Date: January 25, 1995

<PAGE>


NEWS RELEASE
 
                                                           January 20, 1995

BERNARD J. KORMAN
President/Chief Executive Officer
MEDIQ Incorporated
(609) 665-9300
 
MEDIQ INCORPORATED ANNOUNCES FORMATION OF
SPECIAL COMMITTEE TO EXPLORE WAYS TO ENHANCE
SHAREHOLDER VALUE

     PENNSAUKEN, NJ -- MEDIQ Incorporated, a healthcare services company, today
announced that its Board of Directors has formed a Special Committee for
the purpose of exploring alternative ways to maximize shareholder value.
Among those matters to be considered by the Special Committee are the
possible sale of all or substantially all the stock or assets of MEDIQ, its
wholly-owned subsidiaries or its interests in its partially owned
subsidiaries to a buyer or group of buyers, which may include members of
the management of MEDIQ and its subsidiaries.
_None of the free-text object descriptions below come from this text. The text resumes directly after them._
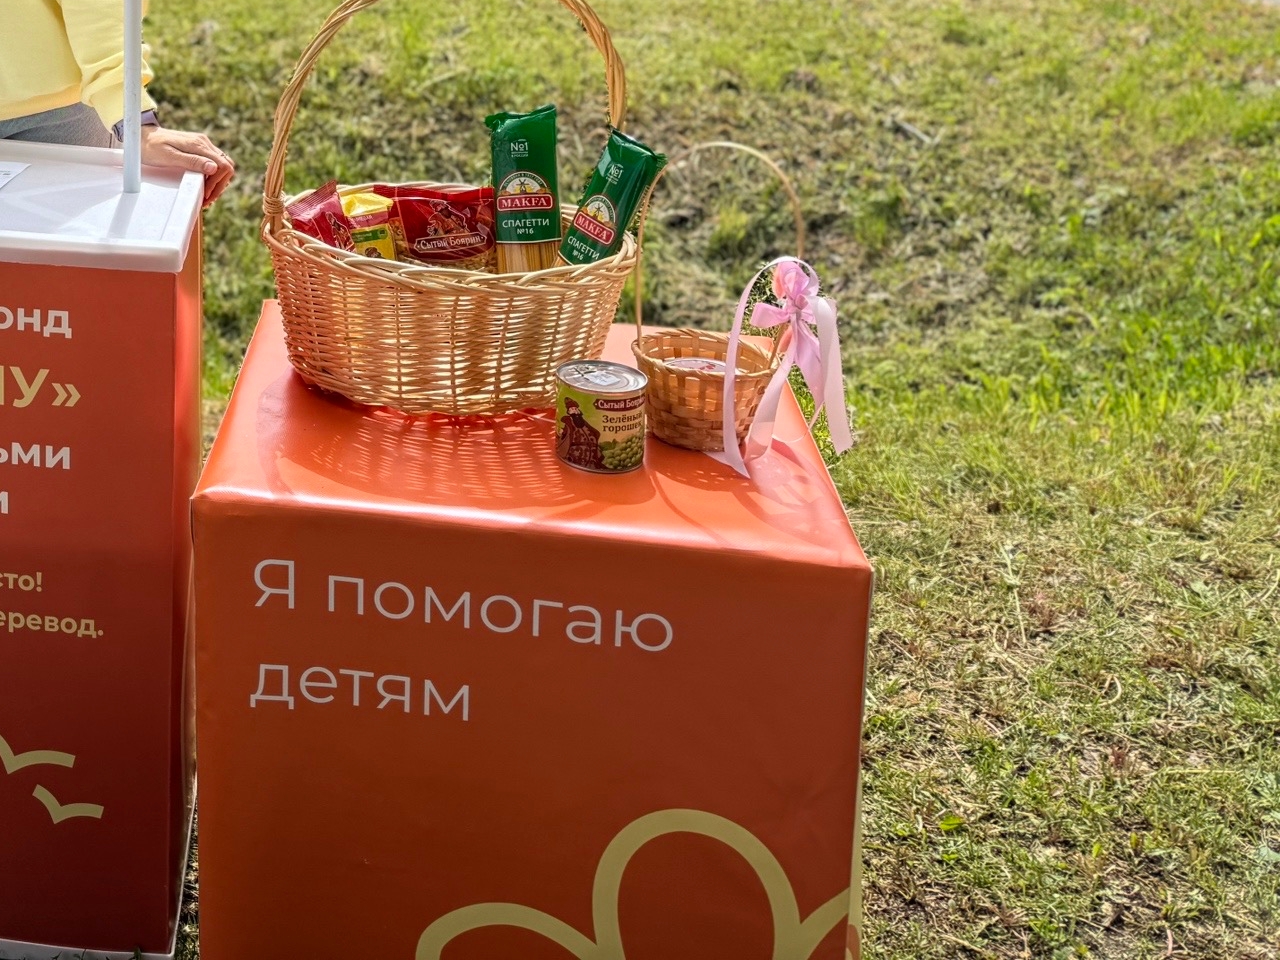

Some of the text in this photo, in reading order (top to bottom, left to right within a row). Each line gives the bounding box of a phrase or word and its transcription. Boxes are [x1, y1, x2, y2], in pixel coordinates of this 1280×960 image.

[502, 197, 547, 208] MAKFA
[502, 219, 549, 227] СПАГЕТТИ
[576, 215, 608, 240] MAKFA
[420, 236, 480, 249] Сытый Боярин
[568, 236, 599, 260] СПАГЕТТИ
[254, 558, 674, 652] Я помогаю
[250, 663, 470, 722] детям
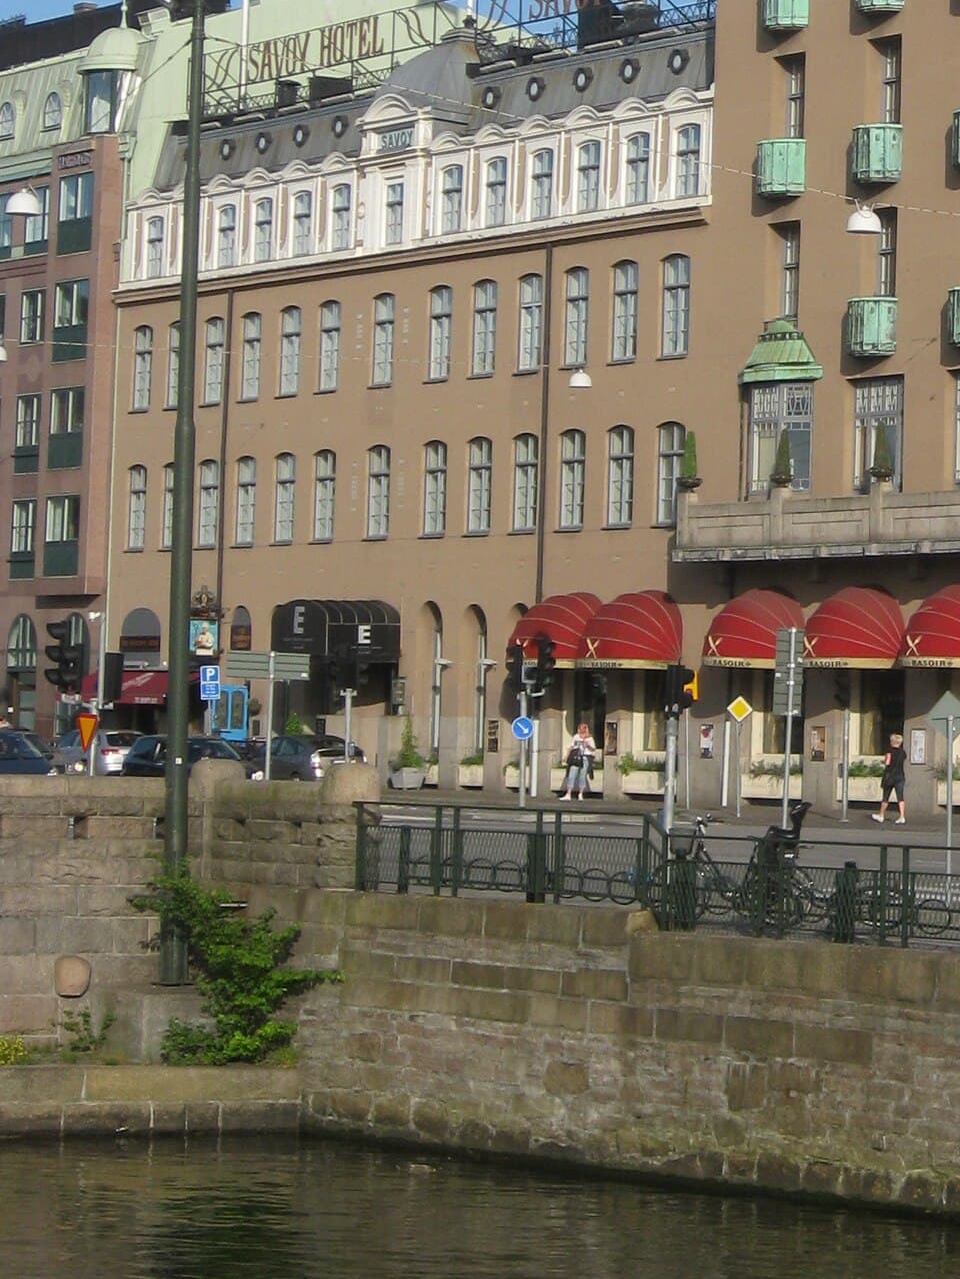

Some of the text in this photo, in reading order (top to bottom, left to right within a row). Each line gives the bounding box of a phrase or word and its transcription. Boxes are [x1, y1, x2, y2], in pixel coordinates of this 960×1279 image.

The Special Committee has
retained the investment banking firm of Lazard Freres & Co. to act as
its exclusive financial advisor to assist it in considering these
alternatives.

    MEDIQ does not presently intend to make any additional public
announcements with respect to these matters until such time as its Special
Committee concludes its review of the alternative ways to enhance
shareholder value.

    MEDIQ Incorporated, whose shares (MED and MED:Pr) and debentures
(MED:C and MED:NP) are traded on the American Stock Exchange, provides
essential healthcare services in a cost effective manner to a variety of
healthcare providers. MEDIQ's principal business is MEDIQ/PRN, the
country's leading provider of life support and critical care medical
equipment on a rental basis. Other MEDIQ operations include portable
x-ray, nuclear imaging and ultrasound services; healthcare facility
planning, design and project management and utilization review of
medical claims made to insurance companies. MEDIQ also owns 47% of
PCI Services, Inc. (NASDAQ:PCIS), a leading independent provider of
pharmaceutical packaging services; 47% of NutraMax Products, Inc.
(NASDAQ:NMPC), a leading health and personal care products company,
marketing products in the feminine needs, cough/cold, baby care,
eye care and personal care categories; and 40% of MMI Medical,
Inc. (NASDAQ:MMIM), a leading independent provider of cost-effective
specialized services to hospital radiology departments and other
healthcare providers.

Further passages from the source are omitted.